#### Data under study
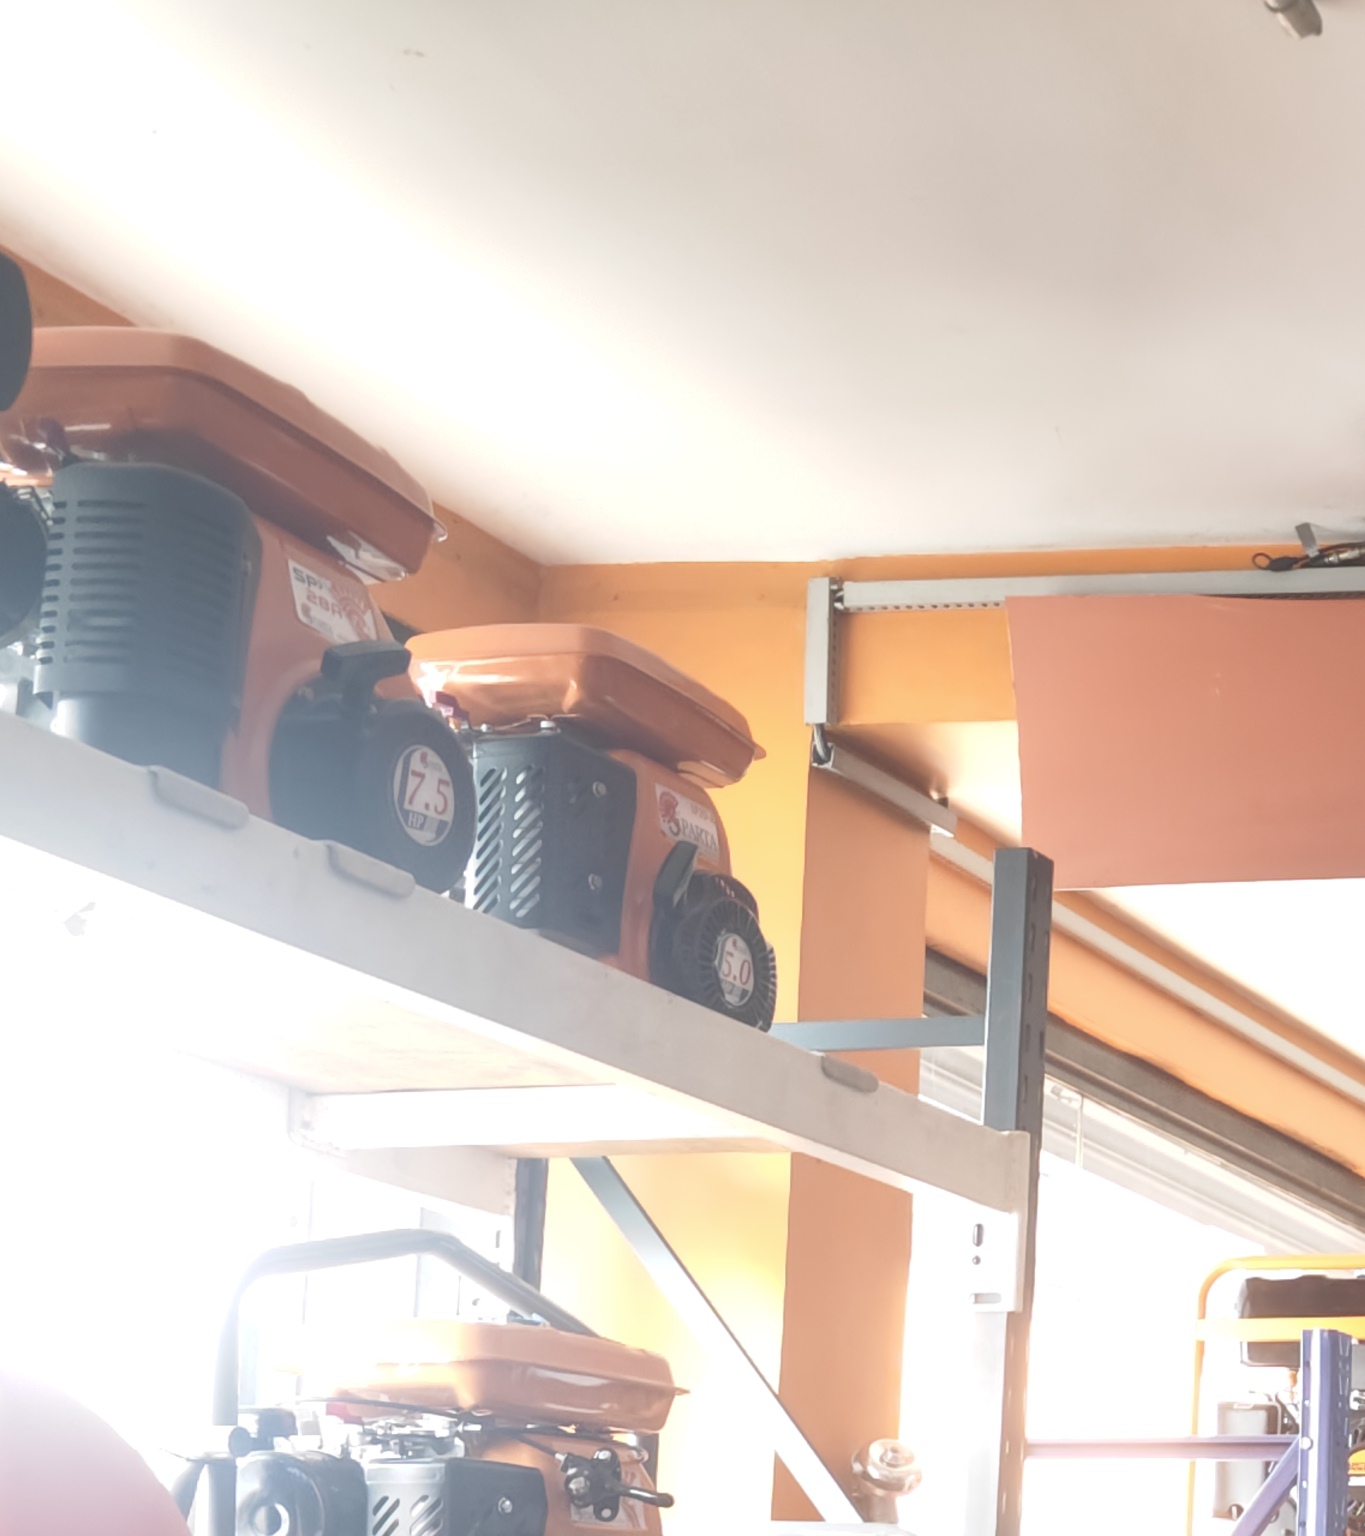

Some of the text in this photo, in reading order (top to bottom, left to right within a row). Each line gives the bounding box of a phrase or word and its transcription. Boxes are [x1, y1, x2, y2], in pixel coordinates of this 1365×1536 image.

[408, 770, 450, 814] 7.5
[408, 812, 424, 828] HP
[722, 952, 750, 986] 5.0
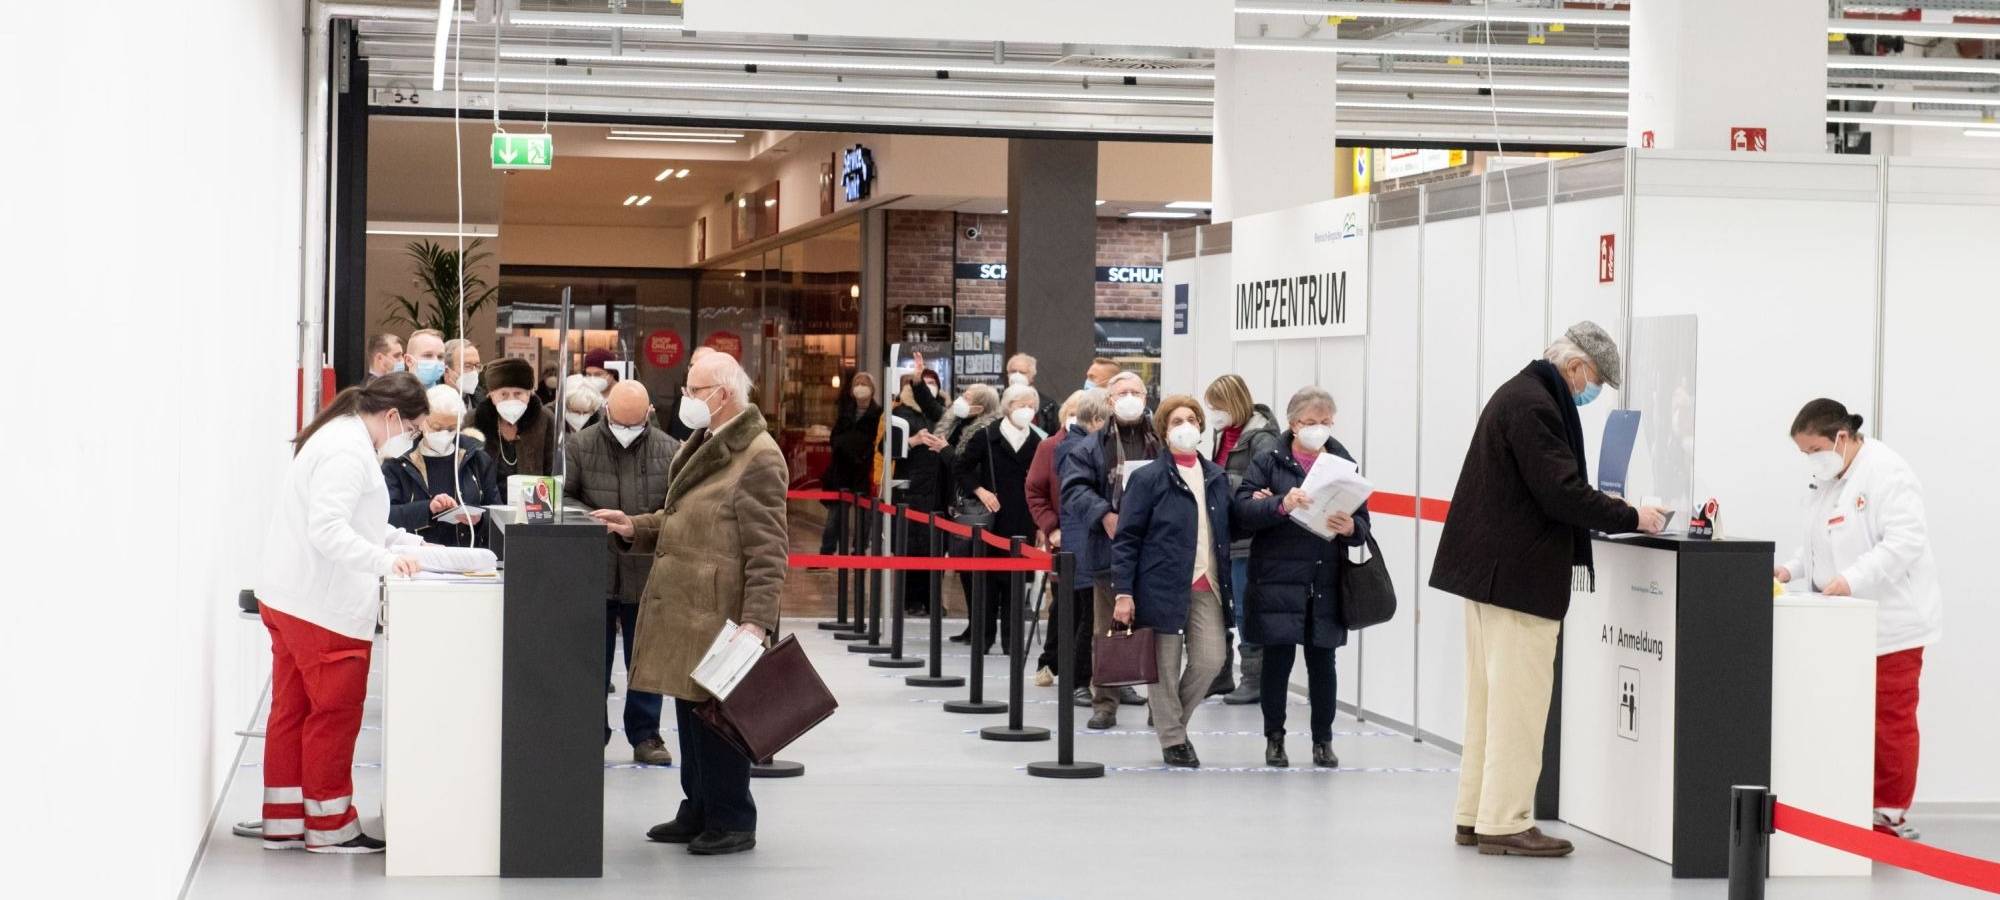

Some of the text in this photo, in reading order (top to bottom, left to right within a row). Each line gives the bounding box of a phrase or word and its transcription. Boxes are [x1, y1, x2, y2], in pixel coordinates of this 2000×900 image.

[1235, 270, 1347, 331] IMPFZENTRUM
[1601, 623, 1663, 662] A 1 Anmeldung
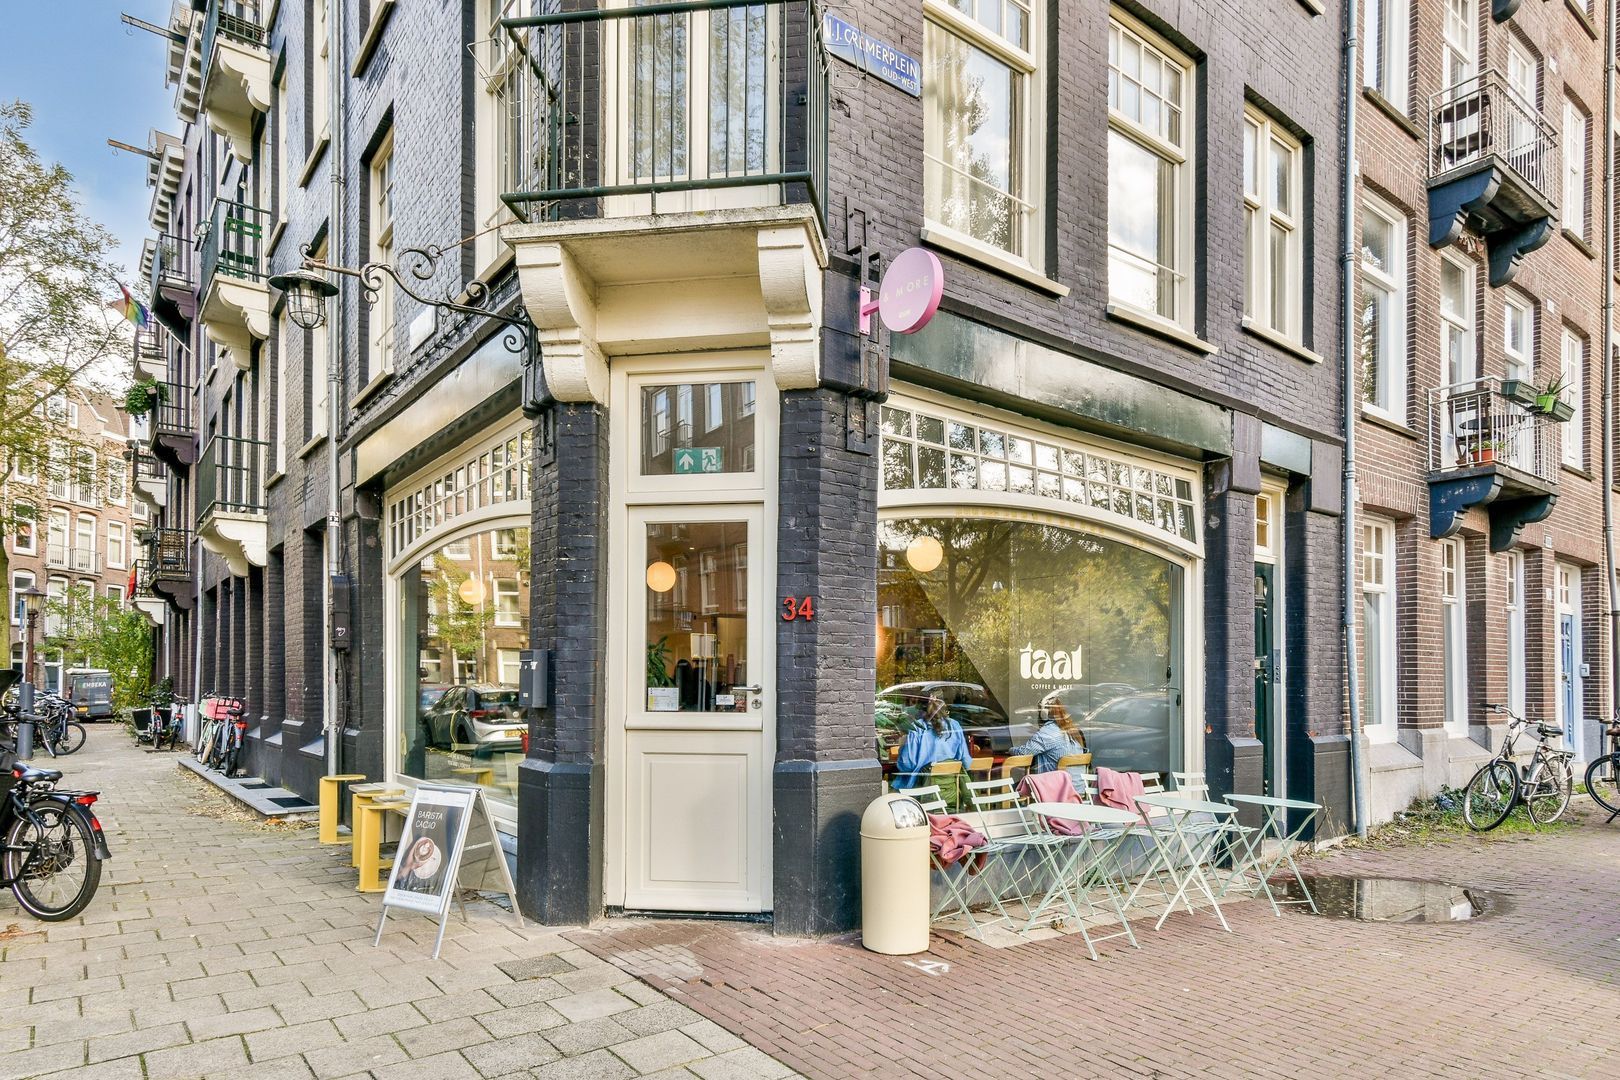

#### Exercise brief
Your copy of the data should match it exactly, apart from the images, which are omitted.

#### Problem solution
Some of the text in this photo, in reading order (top to bottom, left to right within a row). Each line gives the bounding box of a phrase or word and its transcription. Boxes are [x1, y1, x2, y2], in pixel coordinates of this 1365×1536 image.

[408, 770, 450, 814] 7.5
[408, 812, 424, 828] HP
[722, 952, 750, 986] 5.0

Some of the text in this photo, in reading order (top to bottom, left to right within a row). Each line gives the bounding box of a phrase or word and its transcription. Boxes are [x1, y1, x2, y2], in pixel coordinates of this 2000×900 image.

[1235, 270, 1347, 331] IMPFZENTRUM
[1601, 623, 1663, 662] A 1 Anmeldung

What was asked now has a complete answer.